__Problem to solve__: The answer must be an exact copy of the lines from the one containing "this 2048×1536 image." through the end of the records, with the pictures left out.
════════════════
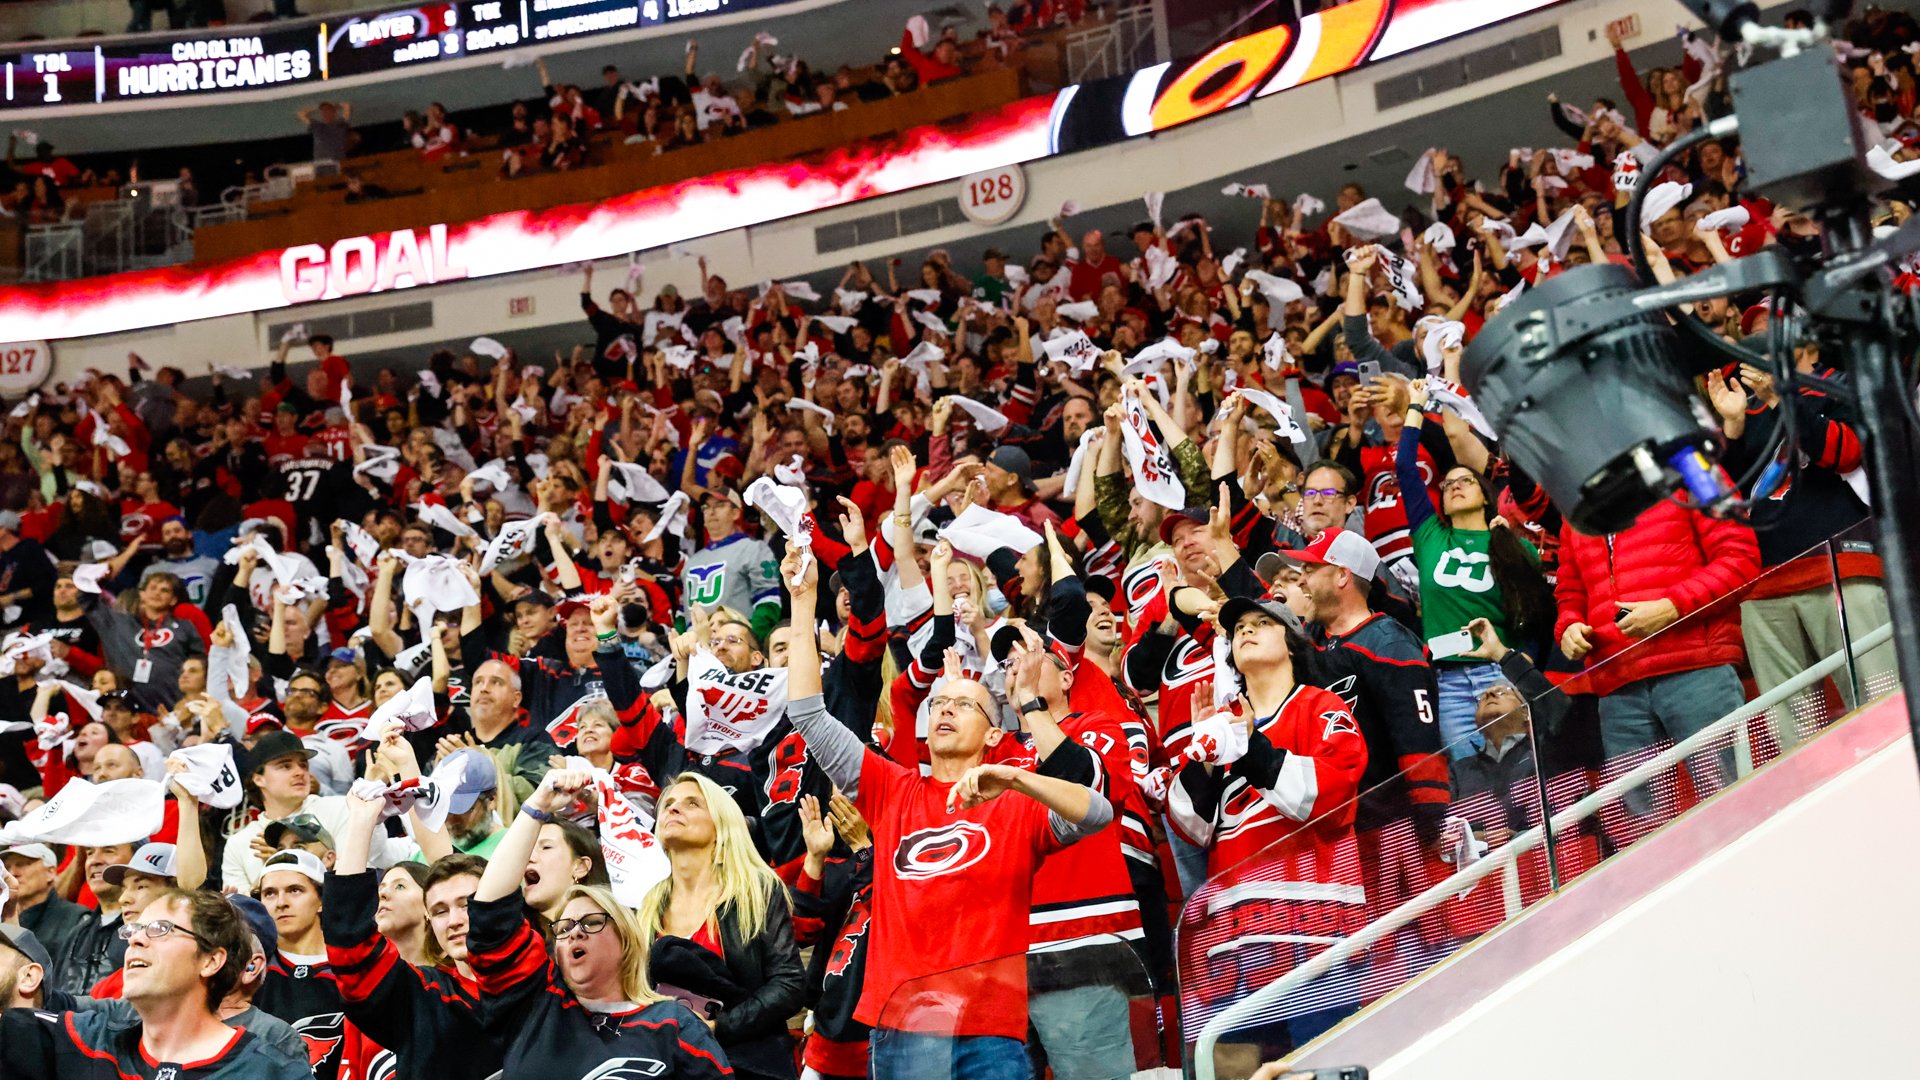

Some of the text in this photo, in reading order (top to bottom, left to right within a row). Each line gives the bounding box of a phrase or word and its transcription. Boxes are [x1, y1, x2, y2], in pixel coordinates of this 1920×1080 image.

[643, 0, 659, 20] 4
[349, 15, 414, 45] PLAYER
[444, 33, 459, 54] 3
[172, 37, 264, 62] CAROLINA
[42, 73, 63, 103] 1
[118, 50, 311, 96] HURRICANES
[970, 174, 1013, 207] 128
[278, 225, 468, 304] GOAL
[284, 470, 321, 503] 37
[698, 667, 775, 695] RAISE
[1412, 688, 1435, 725] 5
[1081, 730, 1117, 757] 37
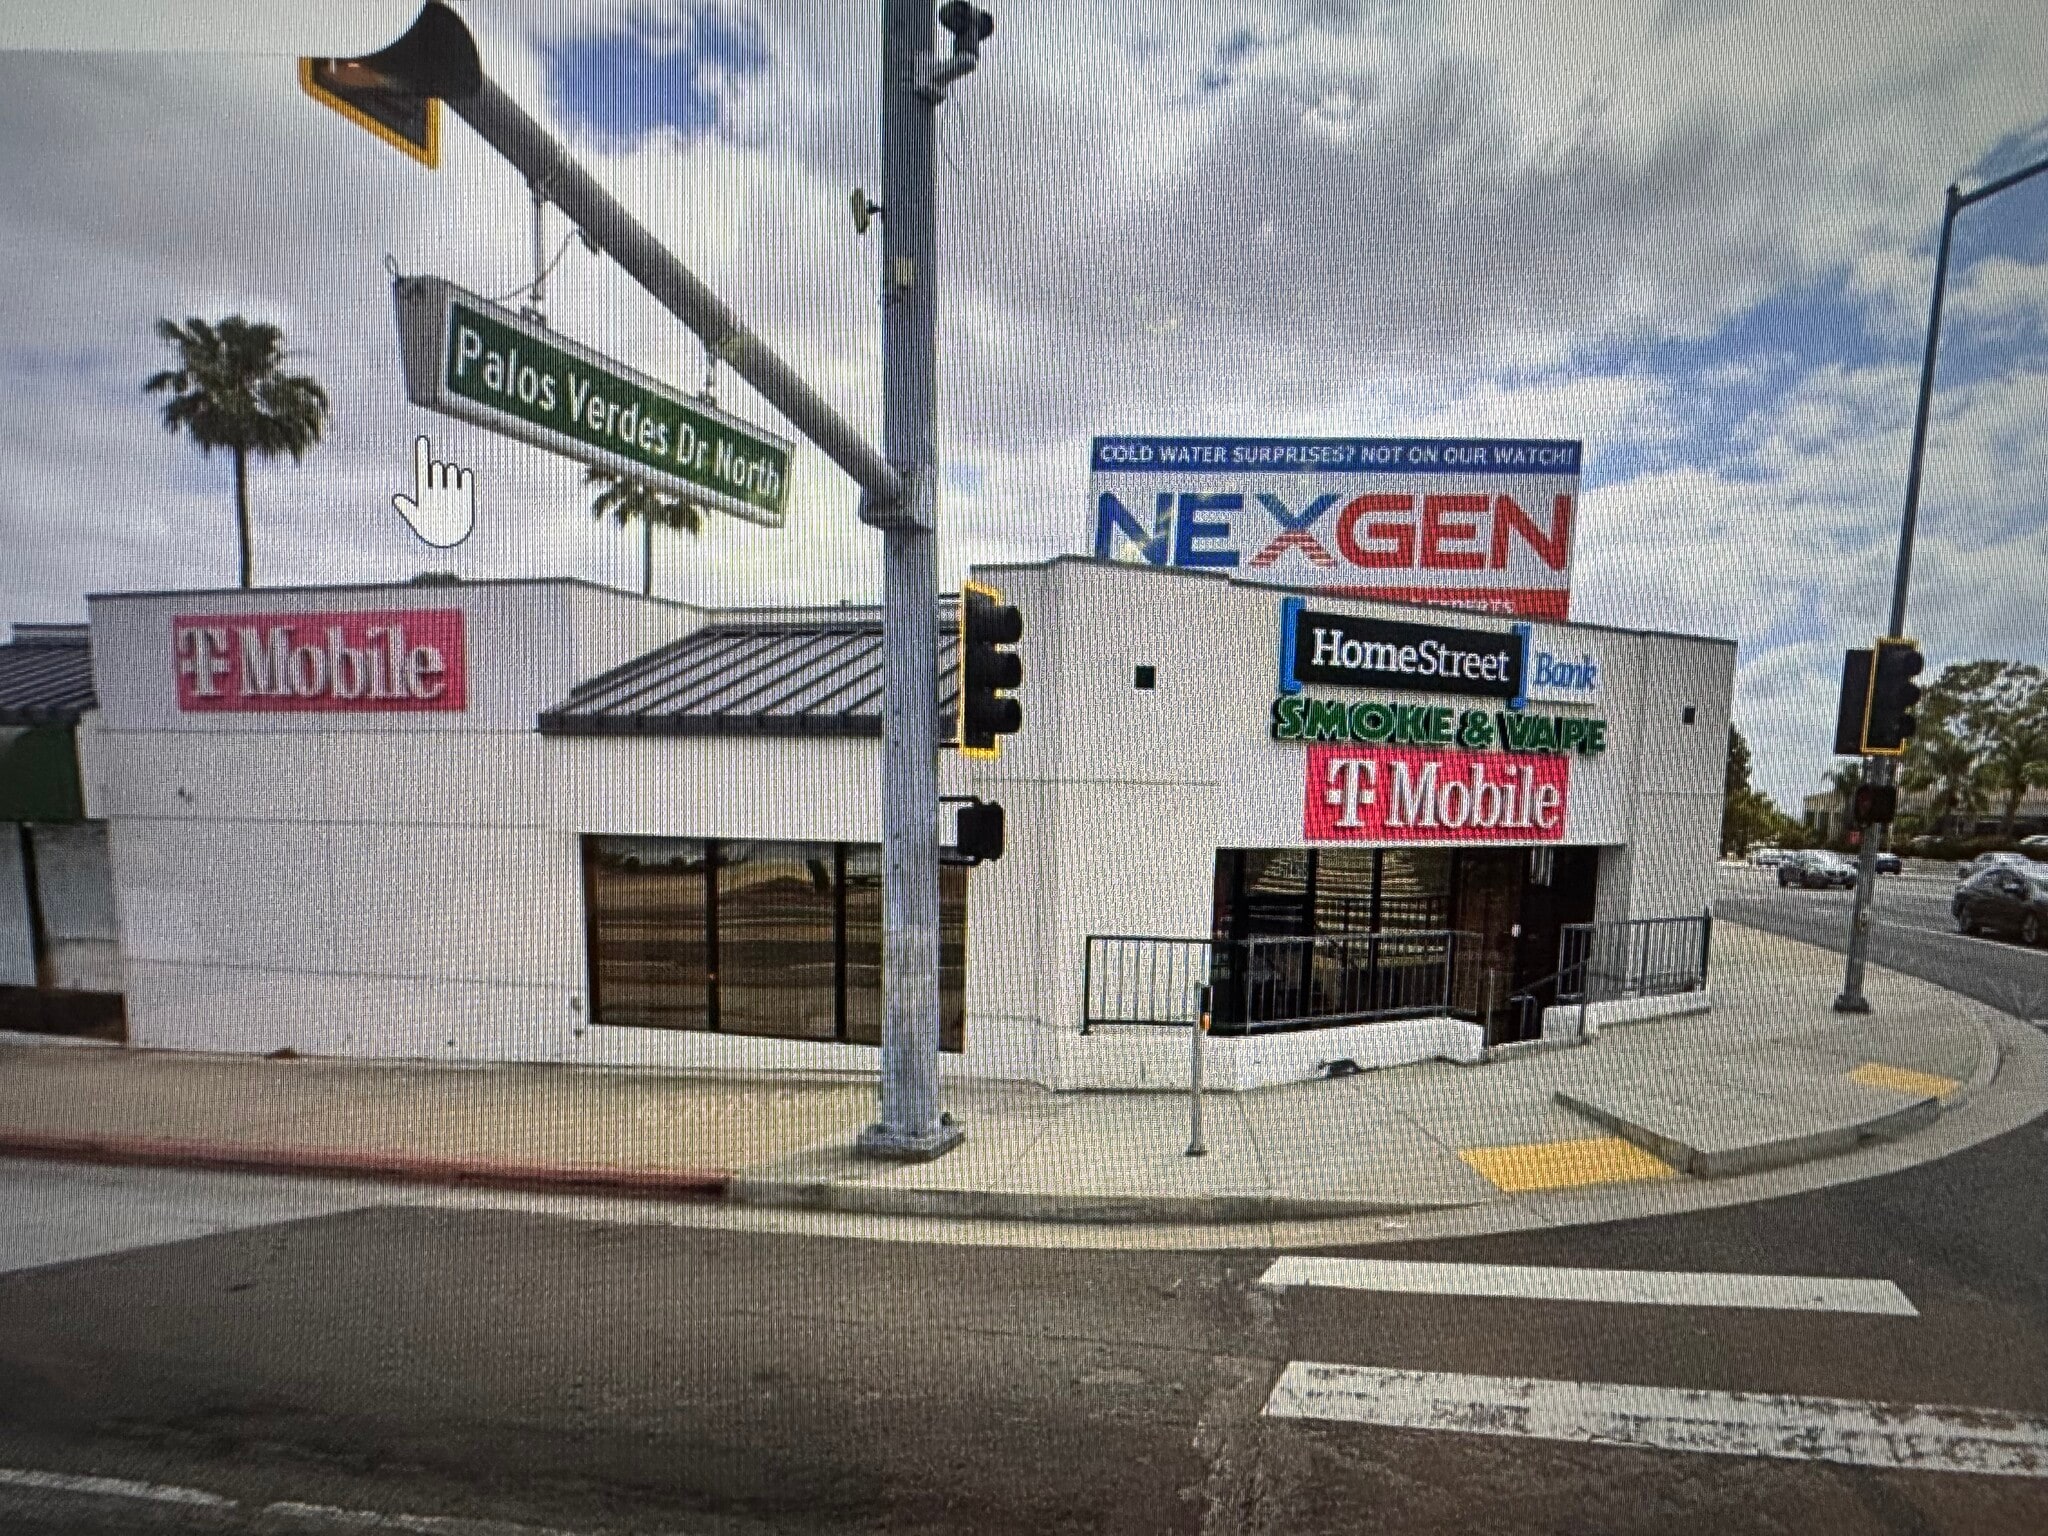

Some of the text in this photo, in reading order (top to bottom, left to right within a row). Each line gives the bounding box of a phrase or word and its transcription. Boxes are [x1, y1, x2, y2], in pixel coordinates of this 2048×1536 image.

[456, 325, 780, 498] Palos Verdes Dr North
[1101, 444, 1574, 465] COLD WATER SURPRISES? NOT ON OUR WATCH!
[1095, 491, 1569, 571] NEXGEN
[1310, 627, 1598, 691] HomeStreet Bank
[1275, 694, 1607, 752] SMOKE & VAPE
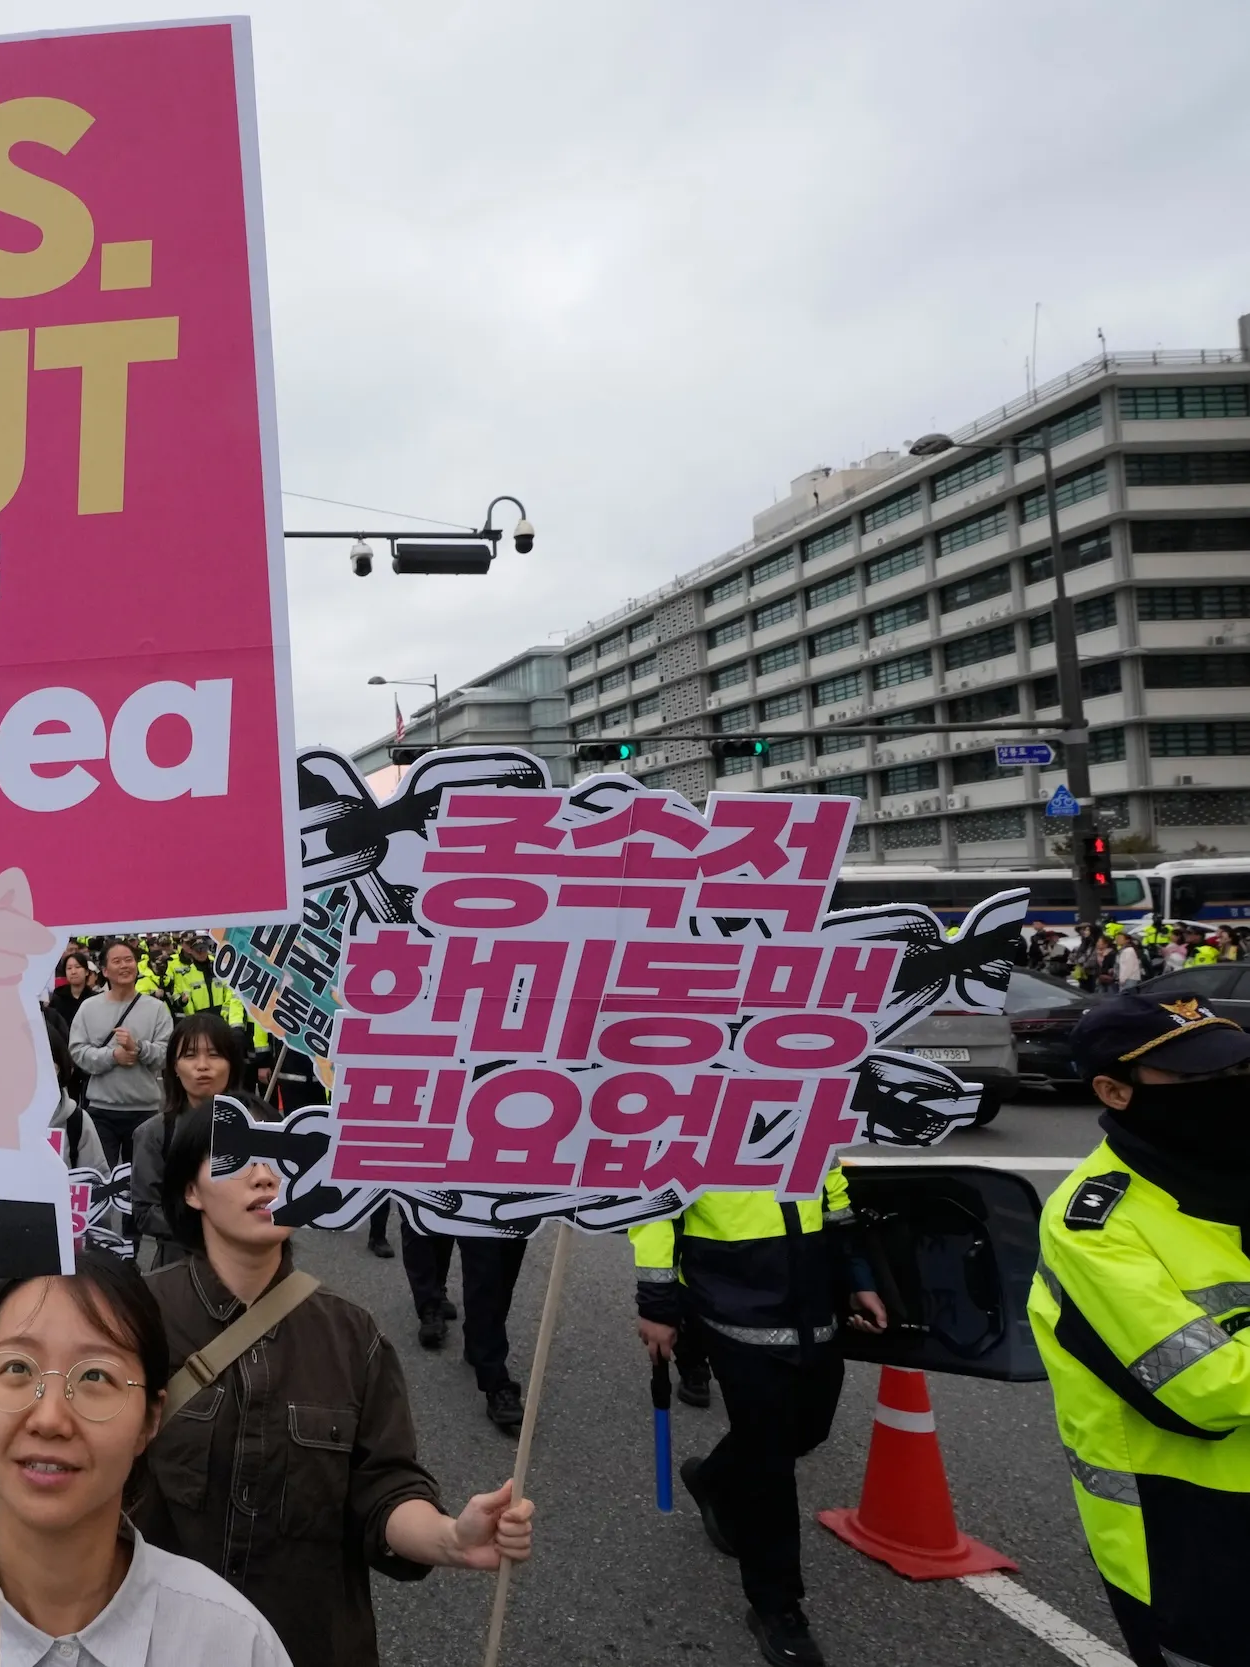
════════════════
__Task response__:
Some of the text in this photo, in reading order (top to bottom, left to right within a row). Each line gives the bounding box of a phrase or word and its transcription. Boxes are [x1, y1, x2, y2], in pixel coordinates of this 2048×1536 image.

[456, 325, 780, 498] Palos Verdes Dr North
[1101, 444, 1574, 465] COLD WATER SURPRISES? NOT ON OUR WATCH!
[1095, 491, 1569, 571] NEXGEN
[1310, 627, 1598, 691] HomeStreet Bank
[1275, 694, 1607, 752] SMOKE & VAPE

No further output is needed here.